Governò su gran parte della Palestina, inclusa la Giudea, dopo la morte del padre, Erode Antipatro, prima per incarico di Marco Antonio e poi di Ottaviano Augusto dalla parte del quale era prontamente passato dopo la sconfitta di Antonio ad Azio. Alla sua morte il regno fu diviso fra i tre figli rimasti: Archelao governò la Giudea, la Samaria e l'Idumea, Erode Antipa la Galilea e la Perea, Erode Filippo la Gaulanitide, la Traconitide, la Batanea, l'Auranitide e l'Iturea.
Giuseppe Flavio,
il comandate delle truppe ribelli in Galilea, non poteva fare a meno di
pensarci, ora che era intrappolato in una cisterna della fortezza di Masada
(Israele), circondato dai Romani. In fondo se lui, i compagni e in generale
tutti i suoi connazionali si trovavano in quella pessima situazione, la colpa
era soprattutto del re Erode il Grande. Era morto da più di mezzo secolo, ma
rimaneva l’uomo simbolo dell’occupazione romana della Giudea, colui che aveva
aperto all’impero le porte del regno, governando tra il 37 e il 4 a.C. come
vassallo di Roma.
“E’
diventato re per un giro di fortuna, se uscirò vivo da qui, racconterò io
questa storia”, pensava lapidario Giuseppe.
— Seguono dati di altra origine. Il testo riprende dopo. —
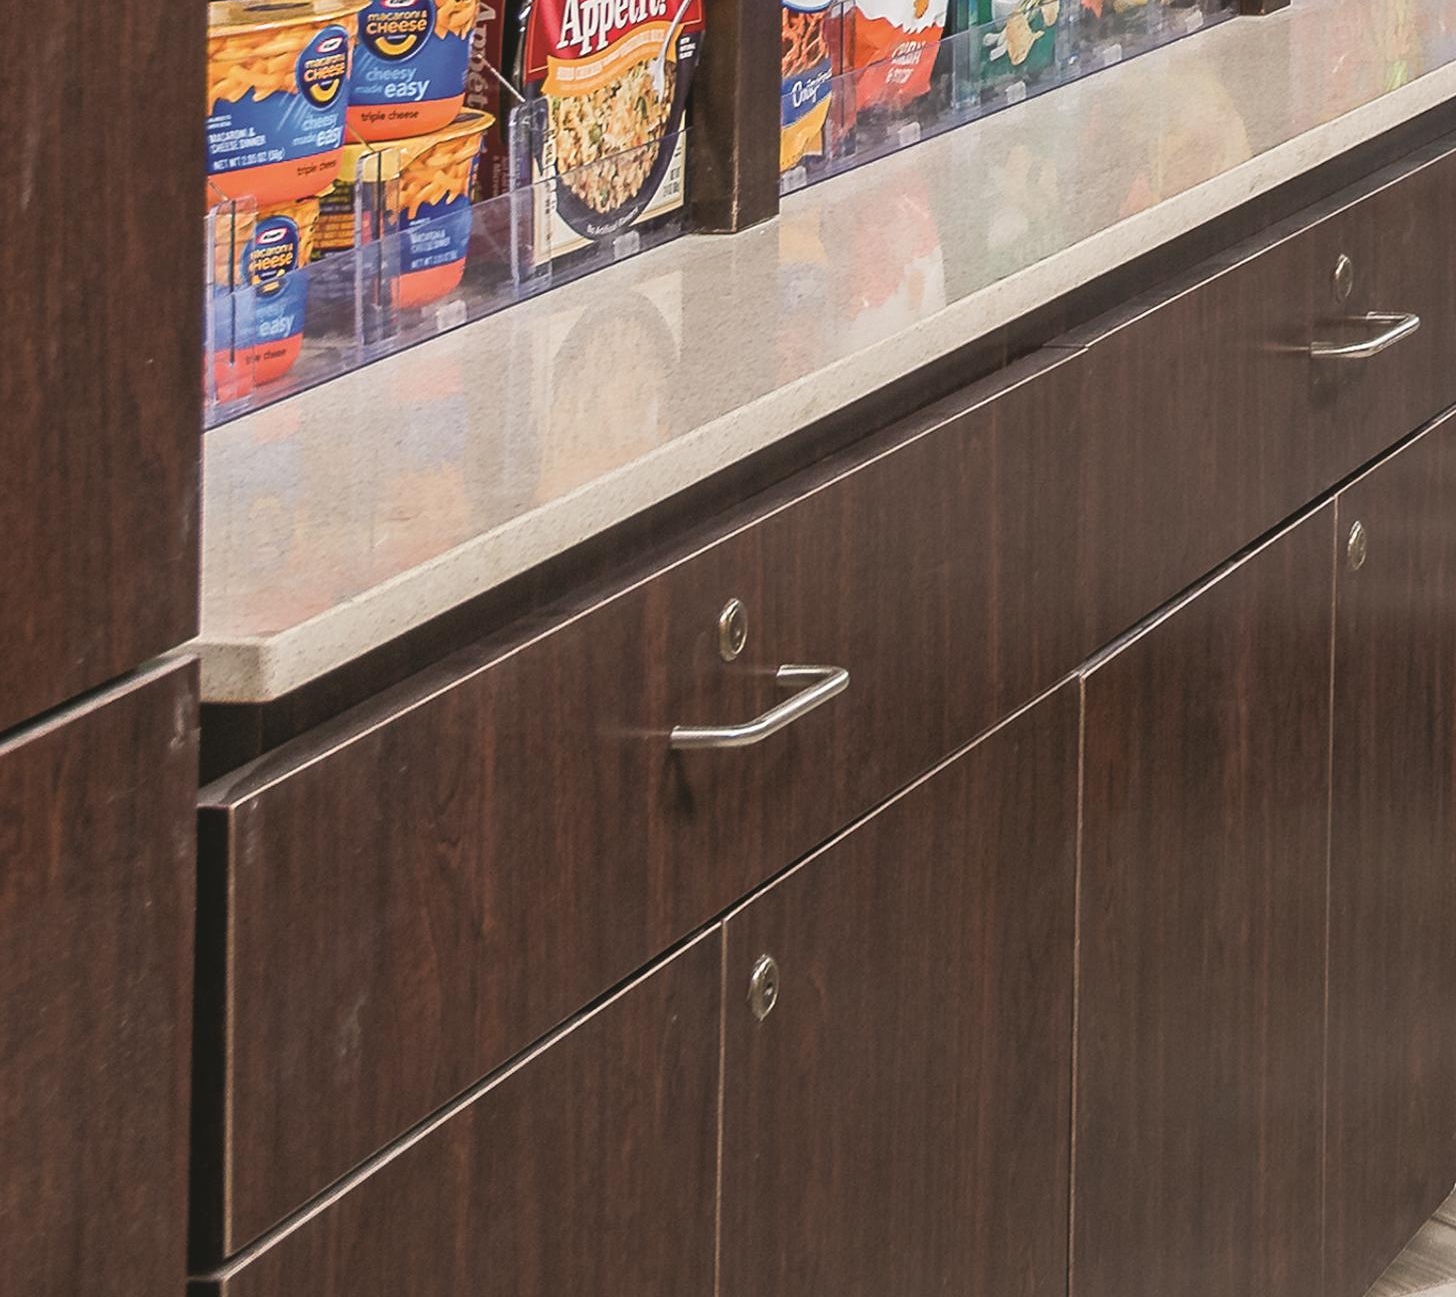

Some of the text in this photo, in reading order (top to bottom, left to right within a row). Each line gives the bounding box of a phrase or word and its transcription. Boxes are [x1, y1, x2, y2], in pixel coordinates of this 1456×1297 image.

[366, 66, 416, 83] cheesy
[361, 110, 418, 123] triple cheese
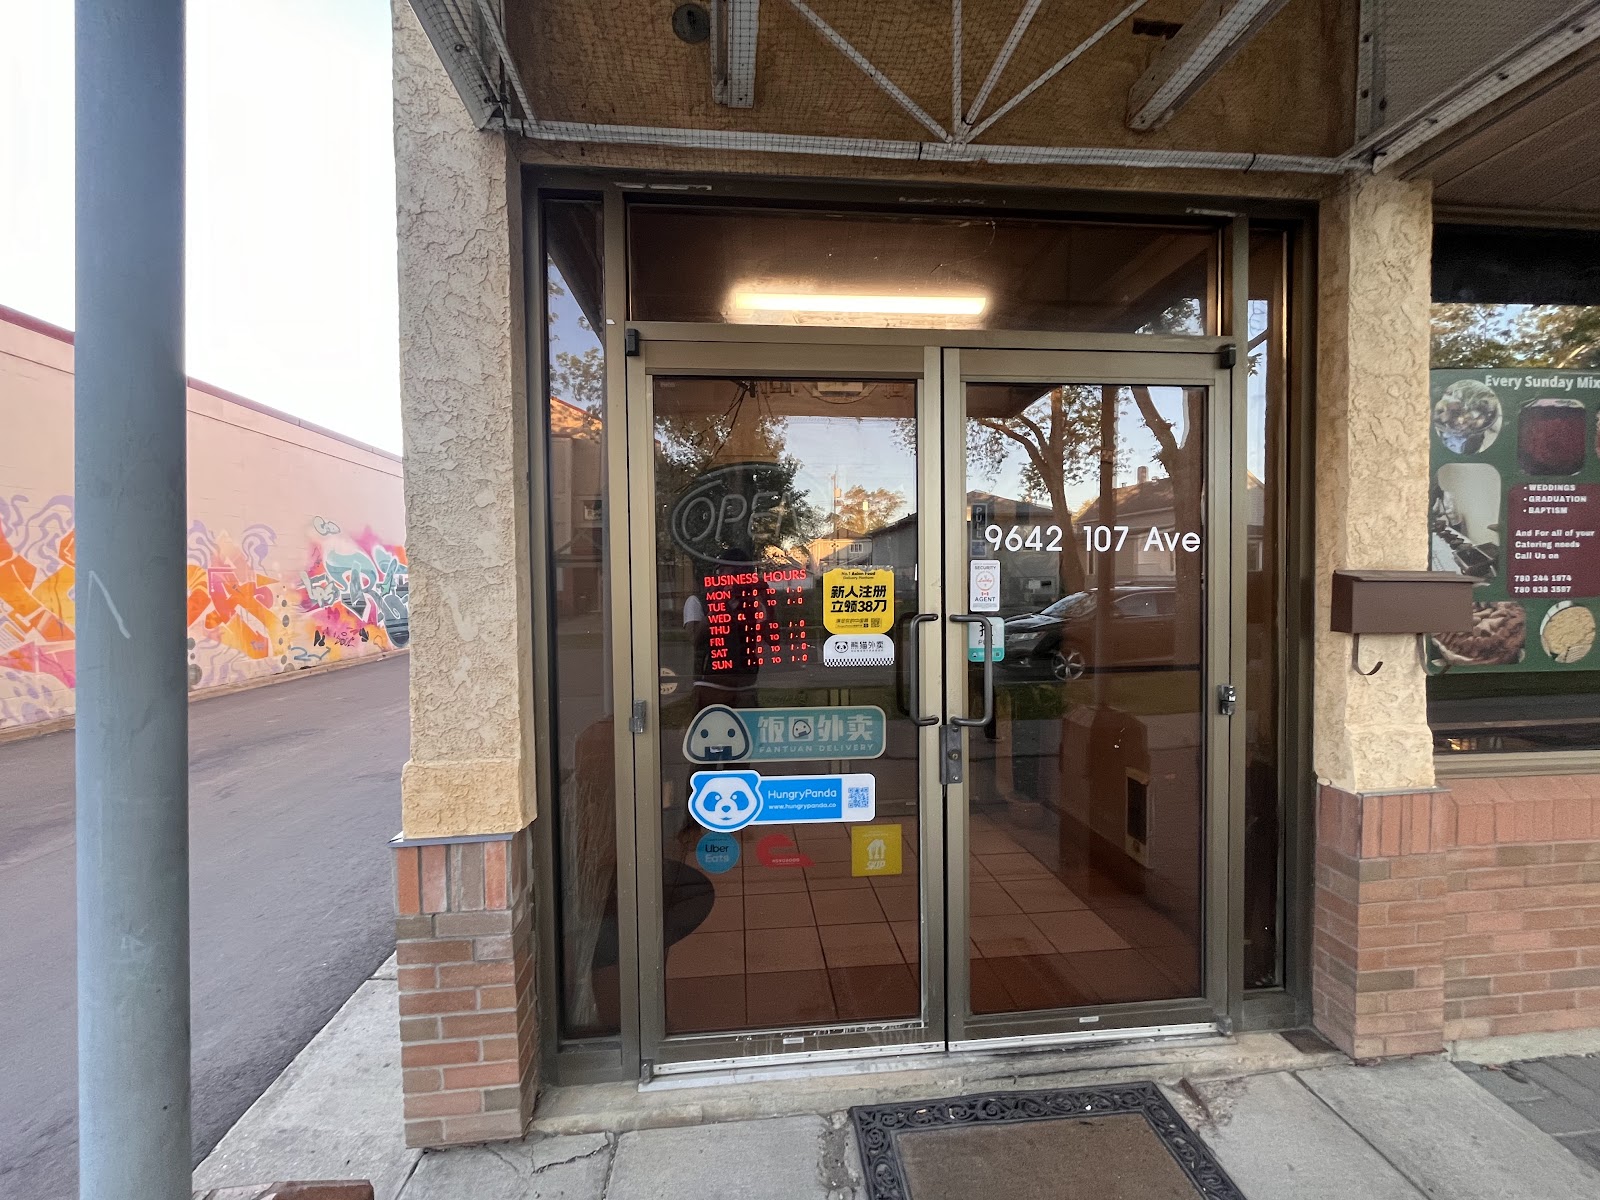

E così
fece, nelle sue Antichità giudaiche, riciclandosi come storiografo dopo essersi
consegnato ai Romani. Abile stratega e uccisori di figli e parenti, grande
costruttore ed evangelico stragista di bambini, re illuminato e sovrano dal
pugno di ferro: chi fu davvero re Erode il Grande? Capace di imprese
eccezionali e di violenze inaudite, è un personaggio quasi impossibile da
inquadrare.
IMPIETOSO. “I
dati più importanti e sistematici che vengono dalla tradizione antica sono
quelli offerti da Giuseppe. È l’unico autore che ci ha tramandato una storia
continua e dettagliata di Erode. Ma il suo giudizio, come tutti i giudizi
storici, è precario, perché dipende dalla realtà sempre mutevole della
politica. Al tempo di Giuseppe, la Giudea soffriva l’ostilità di Rom a causa
della recente guerra del 66-73 d.C. Da un lato Erode solleticava l’orgoglio
nazionalista, ma quello che era avvenuto dopo di lui indusse a rivedere sotto
una luce sinistra il suo lungo periodo di regno”,
spiega Lucio Troiani, docente di Storia dell’ebraismo di età romana
all’Università di Pavia. Quando lo storico giudeo scrisse la sua opera,
infatti, la dinastia di Erode era ormai solo un ricordo.
Per quanto poco
obiettivo, su una cosa però Giuseppe Flavio non si sbagliava: il popolo giudeo
non amò mai quel re. I motivi erano diversi: primo fra tutti, la sua origine. Gli
Ebrei lo definivano in modo sprezzante un “semigiudeo”: Erode apparteneva
infatti alla tribù semitica degli Edomiti. Alla fine del II secolo a.C., la sua
gente era stata sottomessa e costretta alla conversione dagli Asmonei, la
dinastia ebraica che aveva conquistato l’indipendenza del regno di Giudea e che
lo governava dal 140 a.C. Quei “veri” Ebrei non potevano certo immaginare che,
di lì a un secolo, un discendente di quella che consideravano una razza
inferiore avrebbe soffiato il trono ai loro discendenti.
“Di
questa sfortuna … furono responsabili Ircano e Aristobulo, a motivo della loro
discordia”, notava Giuseppe Flavio. La storia risaliva al 67
a.C., quando Erode aveva appena 5 anni. In quell’anno morì a Gerusalemme la
regina Alessandra Salome, vedove del re e sommo sacerdote Alessandro Ianneo. Fu
allora che il più giovane dei loro due figli, Aristobulo II, cercò di
impadronirsi del trono, a scapito del fratello maggiore, Ircano II, già sommo
sacerdote da 9 anni.
Estensione del regno di Erode: comprendeva Giudea, Samaria, Idumea, Galilea, Perea, Gaulanitide, Traconitide, Batanea, Auranitide e Iturea.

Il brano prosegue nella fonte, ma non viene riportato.